Email Survey Advantages:
- Much cheaper
- I can design something that looks professional and set it up for free. The service we can use would only be $20/month.
- To have a professional looking survey card, it would have to be designed and printed. Then we would have to address them all and add postage. I haven’t calculated the exact cost of this, but I know it would cost more than $20/month.
- To do a simple survey card just on regular paper, we still have to do postage, stuff envelopes, and include return postage.
- Easier to analyze results- the service we use can analyze and tally all the results in easy to understand information and graphs.
- The email survey is quick to fill out and easy to send back for our customers with email addresses. They wouldn’t have to send it back in the mail.
Email Survey Disadvantages
- As far as I can tell, the only disadvantage is that we don’t have all of our customer’s email address. From my understanding (and we have to check on the details of this). Even if we have only 5% of our customer’s email addresses, that would amount to about 100 customers. I think 75-100 is enough to get a decent survey of our customer’s opinions.

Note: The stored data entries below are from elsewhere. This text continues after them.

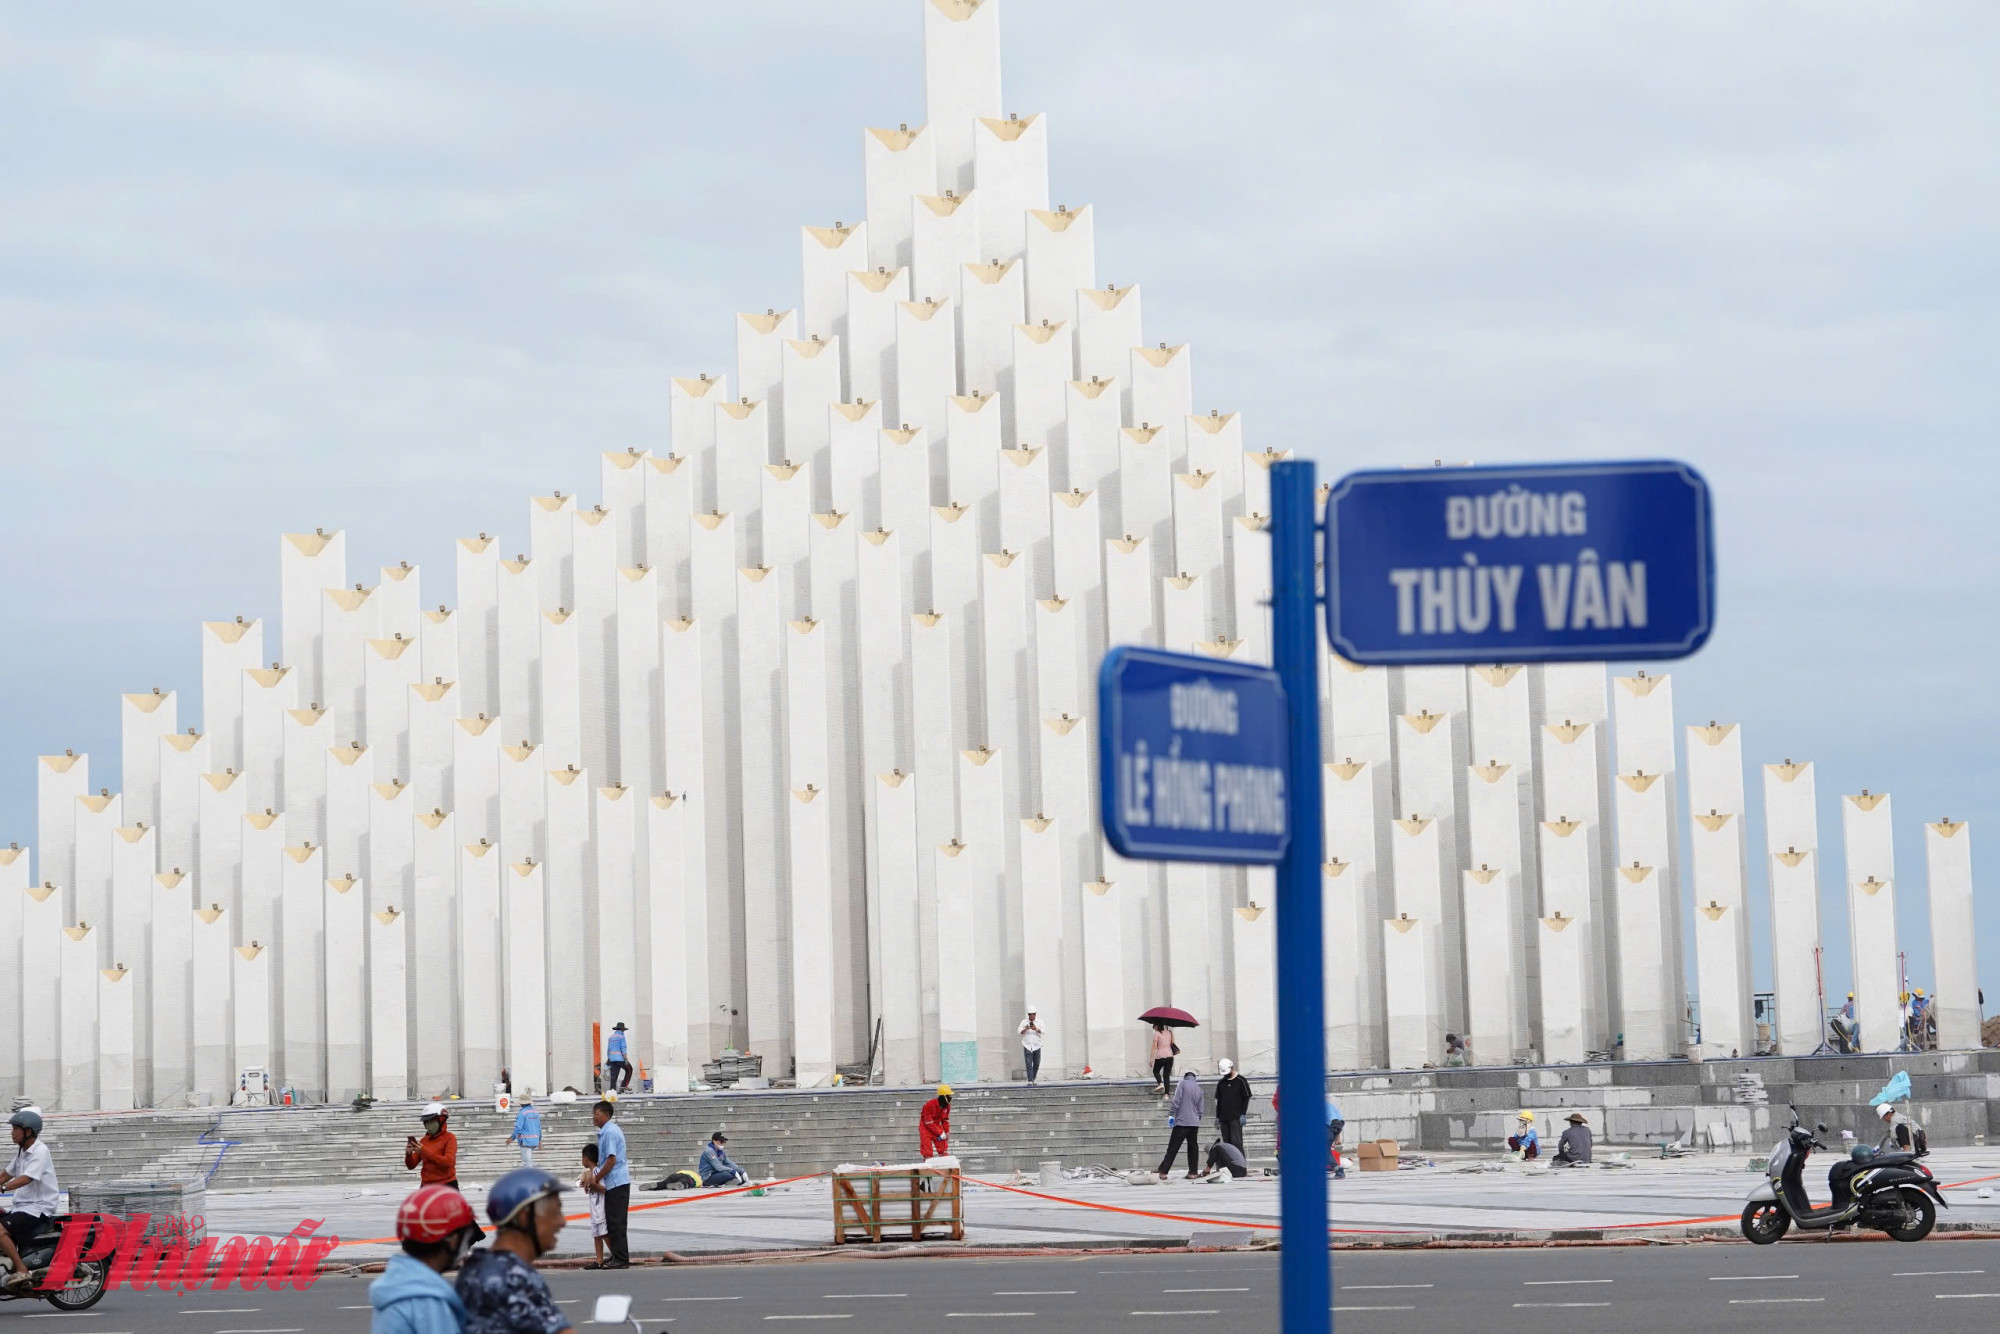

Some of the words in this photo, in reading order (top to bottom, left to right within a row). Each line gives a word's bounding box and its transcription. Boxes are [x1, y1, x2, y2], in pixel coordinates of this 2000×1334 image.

[1446, 484, 1587, 540] ĐƯỜNG
[1389, 552, 1523, 635] THÙY
[1536, 548, 1648, 631] VÂN
[1122, 739, 1149, 827] LÊ
[1214, 762, 1286, 835] PHONG
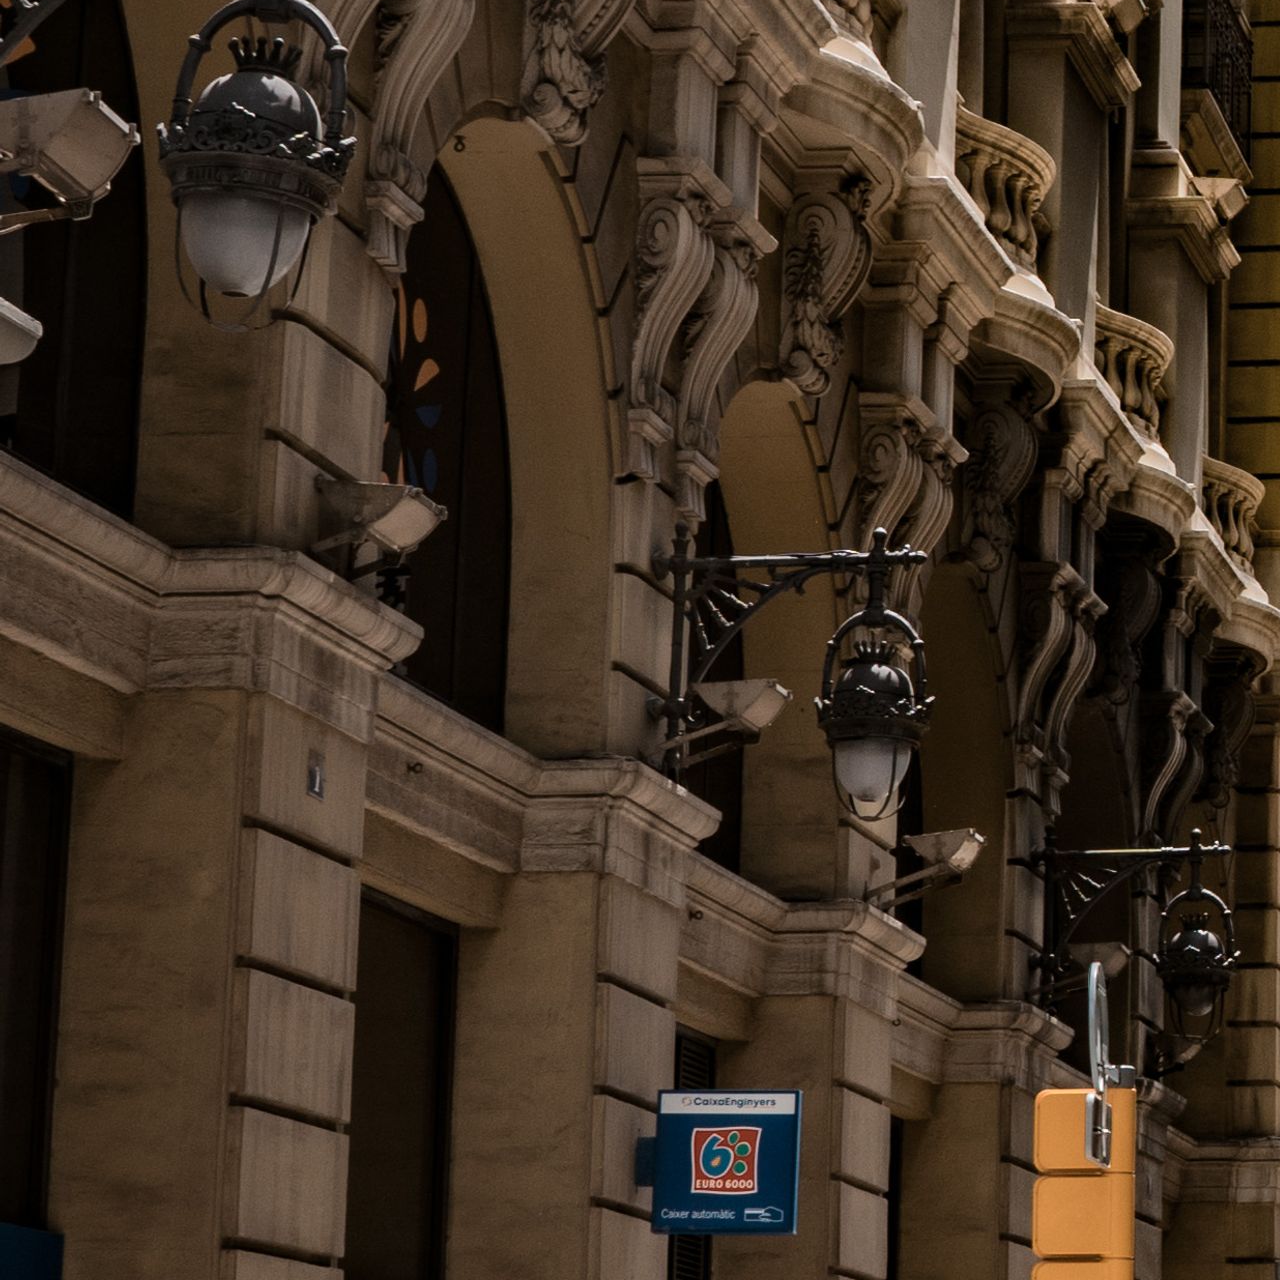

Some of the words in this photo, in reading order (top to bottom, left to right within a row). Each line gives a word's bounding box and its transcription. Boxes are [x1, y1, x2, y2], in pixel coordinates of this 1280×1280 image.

Another option is to do the survey by phone and make phone calls to our customers. They could ask the questions and then at the end, ask if the customer has an email address and would like to give it to us. They wouldn’t have to call all our customer’s, but maybe to add to the email survey.
Either way the survey is done, I think we should put some thought into the questions we ask our customers. I found a couple good articles giving advice for surveys that you might like to check out:
http://www.entrepreneur.com/article/print/0,2361,303673,00.html
http://www.entrepreneur.com/article/0,4621,319023,00.html
The articles are a bit long, so if you don’t feel like reading them, here are some highlights I thought would apply to us:
- Keep it short and focused- 10 questions is ideal, no more than 20
- Keep questions simple
- Use close ended questions were possible (multiple choice, rating, etc…)
That being said, lets throw in some ideas for things we would like to find out from our customers…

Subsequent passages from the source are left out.